Кошмар в том, что счастье, высший смысл, может быть бессмысленным. Евфросиния Керсновская хороший пример. Она ровесница не совсем матери, скорее, отца, родилась в 1908, у неё мужа не сажали, она сама загремела в норильские рудники. Она любила вкалывать — в буквальном смысле слова вкалывала. Весь её вдохновенный, самоотверженный труд был в лучшем случае бесполезен, в худшем помощью преступным правителям России. Муся Кротова сформулировала это острое осознание тщетности своей жизни так:
«Всё, что я проводила в школе, будучи ли пионервожатой̆ или классным руководителем, я проводила с азартом, интересом и любовью. Но сейчас, оглядываясь на прошлое, с грустью вижу, что большинство из проводимого нельзя назвать «делом». Это были мероприятия, от которых не было никакой̆ педагогической̆ пользы, и вероятнее всего, они наносили вред детям своей̆ казёнщиной̆, пошлостью и ненужностью».
Муся корит себя за то, что усвоила «рабское чувство долга» — но и за тщеславие. А ведь это не рабское чувство долга, это было просто чувство долга. Рабы как раз отлынивали и отлынивают. Тщеславие — да, и по себе знаю, страшное последствие патернализма. Но бывает патернализм, который ещё и тщеславие выкорчёвывает — как в английских частных школах. Так это «ещё более гаже». Смиренный такой сатанизм.

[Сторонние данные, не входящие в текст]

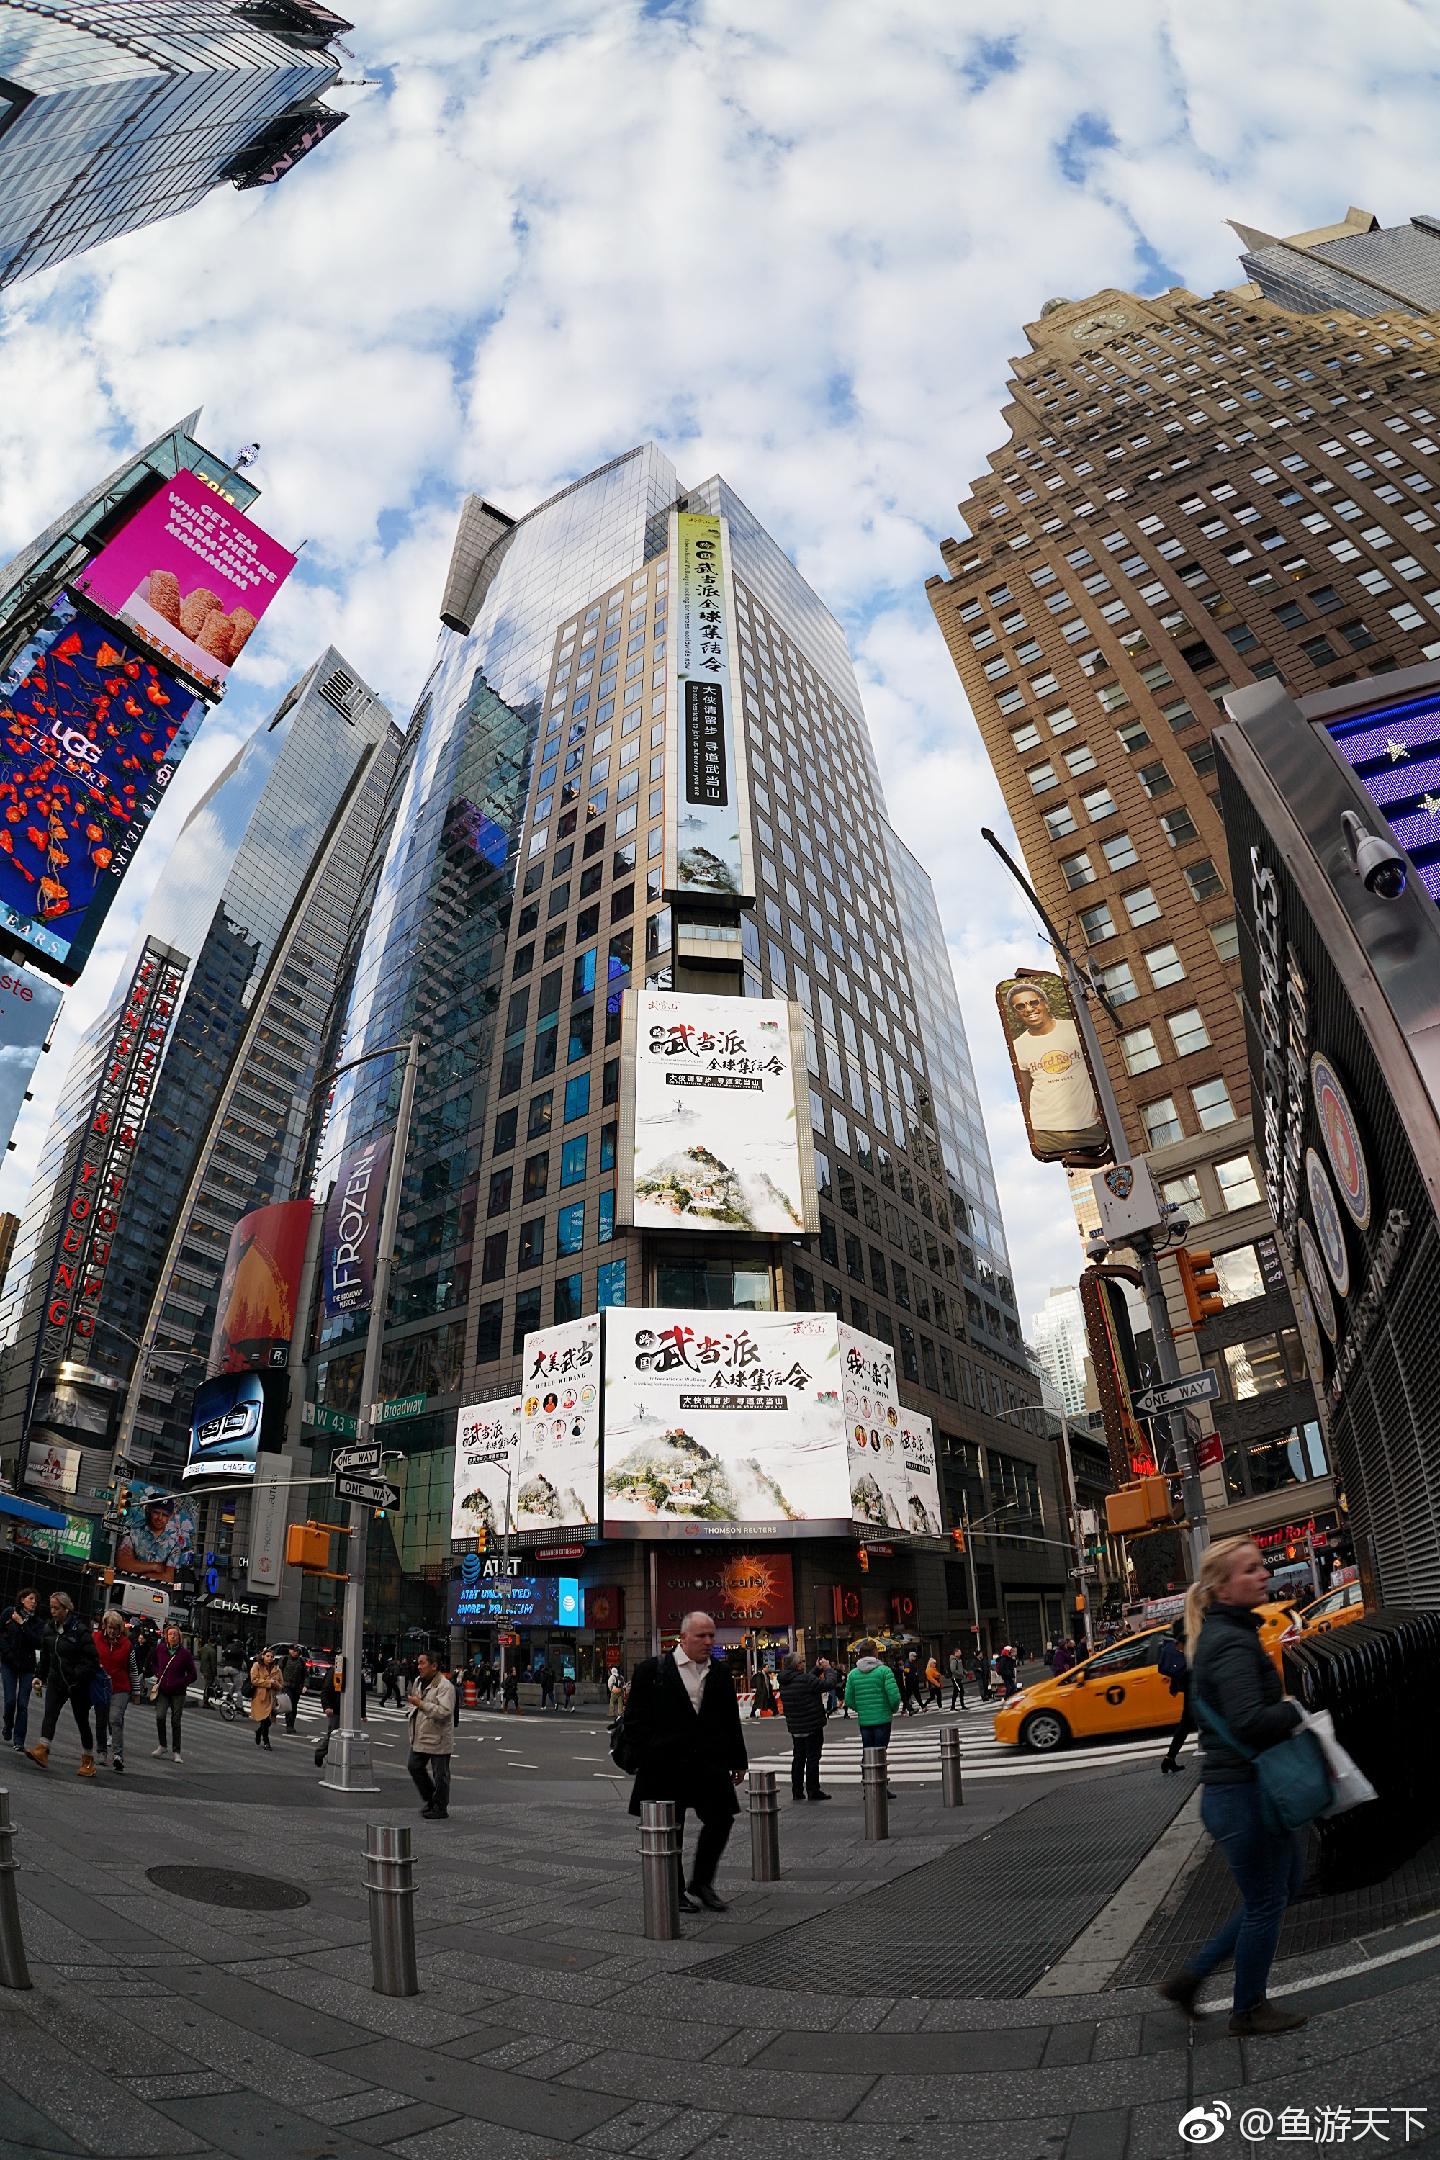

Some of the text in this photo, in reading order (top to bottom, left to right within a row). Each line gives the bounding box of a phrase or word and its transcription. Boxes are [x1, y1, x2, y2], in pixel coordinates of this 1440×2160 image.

[201, 504, 230, 529] GET
[168, 491, 277, 584] WHILE THEY'RE
[28, 732, 47, 747] 40
[51, 719, 103, 764] UGG
[110, 763, 175, 877] UGG 40 YEARS
[1056, 1049, 1081, 1064] Rock
[333, 1154, 375, 1291] FROZEN
[49, 1161, 97, 1327] YOUNG
[1144, 1381, 1205, 1409] ONE WAY
[383, 1399, 423, 1419] Broadway
[317, 1409, 327, 1427] W
[331, 1415, 345, 1432] 43
[222, 1463, 247, 1471] CHASE
[338, 1451, 375, 1467] ONE WAY
[345, 1481, 391, 1502] ONE WAY
[703, 1526, 777, 1535] THOMSON REUTERS
[667, 1574, 723, 1591] europa
[213, 1599, 259, 1615] CHASE

Так что беспощадность выходит чрезмерной. Жизнь суета не потому, что хотим делать добро, а выходит зло, а потому, что даже зло оборачивается добром. Есть мощные фильтры, перегонные станции, защитные механизмы души. Вода претворяется в вино, казёнщина в культуру, пошлость в мистику. Но беспощадность к себе на такие дешёвки не разменивается, и правильно делает. Зато я могу изнутри засвидетельствовать: ничего страшного. Подлости были? Нет! Предательства? Нет!! Бесчеловечность и людоедства, самое страшное в «совке»? Нет!!! Ну и ладушки.
«Сыновья — это счастье? Сколько часов в год я с ними общаюсь? Нужно ли им это общение? Вряд ли. У них столько друзей̆. Моего исчезновения они бы почти не заметили».
Исчезновения матери я давно не замечаю. Шок похорон прошёл. Я замечаю её неисчезновение. Краем глаза. Если повернуться — она ускользает, передвигается вместе с краем глаза. Но я поворачиваюсь снова и снова. Главное всегда за краем глаза.
Самый страшный эпизод в записках не война, не 18 лет концлагерей мужа, не репрессии, не предательства друзей и коллег. Туберкулёзный санаторий в Сибири, Мусе 22 года, она хорошо управляется со всеми детьми, потому что сама ещё не покинула детства. Вот она кормит с ложечки «умирашку», так звали детей, у которых не было шансов выздороветь. Кормит порезанными помидорами. Мальчик не хочет есть. Муся сперва берёт ложку в рот, кусочек берёт губами и причмокивает, как вкусно. Тогда и он ест. Она ненавидит помидоры. У неё на них аллергия всю жизнь. Это что, «чувство долга»? Трудолюбие, тщеславие, любознательность, интеллигентность?
Да ничуть. Проста она — неумирашка, раз способна на такое. Неумирашка в каждом живёт, да не в каждом жив.